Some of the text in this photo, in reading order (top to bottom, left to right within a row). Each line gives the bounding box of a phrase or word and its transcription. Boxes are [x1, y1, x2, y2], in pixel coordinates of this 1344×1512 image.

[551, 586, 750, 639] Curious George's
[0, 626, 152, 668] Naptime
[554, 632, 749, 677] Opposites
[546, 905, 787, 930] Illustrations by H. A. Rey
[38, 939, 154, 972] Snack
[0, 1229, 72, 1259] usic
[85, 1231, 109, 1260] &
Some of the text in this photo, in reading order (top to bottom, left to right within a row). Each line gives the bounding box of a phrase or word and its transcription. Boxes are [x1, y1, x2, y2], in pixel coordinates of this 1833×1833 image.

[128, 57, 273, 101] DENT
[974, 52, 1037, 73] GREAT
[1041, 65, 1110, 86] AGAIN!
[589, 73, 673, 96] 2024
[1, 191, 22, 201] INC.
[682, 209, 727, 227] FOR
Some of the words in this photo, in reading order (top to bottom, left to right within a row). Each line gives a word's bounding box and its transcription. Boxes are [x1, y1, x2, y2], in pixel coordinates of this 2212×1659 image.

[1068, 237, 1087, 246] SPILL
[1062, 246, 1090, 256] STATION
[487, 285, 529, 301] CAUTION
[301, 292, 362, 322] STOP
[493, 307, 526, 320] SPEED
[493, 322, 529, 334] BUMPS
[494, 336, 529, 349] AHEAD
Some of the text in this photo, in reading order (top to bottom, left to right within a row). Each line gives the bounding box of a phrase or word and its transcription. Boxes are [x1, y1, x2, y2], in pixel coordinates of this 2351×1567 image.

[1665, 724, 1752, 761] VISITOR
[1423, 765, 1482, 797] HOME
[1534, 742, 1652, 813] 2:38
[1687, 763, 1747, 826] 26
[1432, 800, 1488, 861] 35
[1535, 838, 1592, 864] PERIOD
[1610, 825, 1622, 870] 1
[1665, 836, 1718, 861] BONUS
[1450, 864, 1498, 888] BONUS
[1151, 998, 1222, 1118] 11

Your goal → Print each record from the listing above exactly as it was given.

Task solution →
Some of the text in this photo, in reading order (top to bottom, left to right within a row). Each line gives the bounding box of a phrase or word and its transcription. Boxes are [x1, y1, x2, y2], in pixel coordinates of this 1344×1512 image.

[551, 586, 750, 639] Curious George's
[0, 626, 152, 668] Naptime
[554, 632, 749, 677] Opposites
[546, 905, 787, 930] Illustrations by H. A. Rey
[38, 939, 154, 972] Snack
[0, 1229, 72, 1259] usic
[85, 1231, 109, 1260] &
Some of the text in this photo, in reading order (top to bottom, left to right within a row). Each line gives the bounding box of a phrase or word and its transcription. Boxes are [x1, y1, x2, y2], in pixel coordinates of this 1833×1833 image.

[128, 57, 273, 101] DENT
[974, 52, 1037, 73] GREAT
[1041, 65, 1110, 86] AGAIN!
[589, 73, 673, 96] 2024
[1, 191, 22, 201] INC.
[682, 209, 727, 227] FOR
Some of the words in this photo, in reading order (top to bottom, left to right within a row). Each line gives a word's bounding box and its transcription. Boxes are [x1, y1, x2, y2], in pixel coordinates of this 2212×1659 image.

[1068, 237, 1087, 246] SPILL
[1062, 246, 1090, 256] STATION
[487, 285, 529, 301] CAUTION
[301, 292, 362, 322] STOP
[493, 307, 526, 320] SPEED
[493, 322, 529, 334] BUMPS
[494, 336, 529, 349] AHEAD
Some of the text in this photo, in reading order (top to bottom, left to right within a row). Each line gives the bounding box of a phrase or word and its transcription. Boxes are [x1, y1, x2, y2], in pixel coordinates of this 2351×1567 image.

[1665, 724, 1752, 761] VISITOR
[1423, 765, 1482, 797] HOME
[1534, 742, 1652, 813] 2:38
[1687, 763, 1747, 826] 26
[1432, 800, 1488, 861] 35
[1535, 838, 1592, 864] PERIOD
[1610, 825, 1622, 870] 1
[1665, 836, 1718, 861] BONUS
[1450, 864, 1498, 888] BONUS
[1151, 998, 1222, 1118] 11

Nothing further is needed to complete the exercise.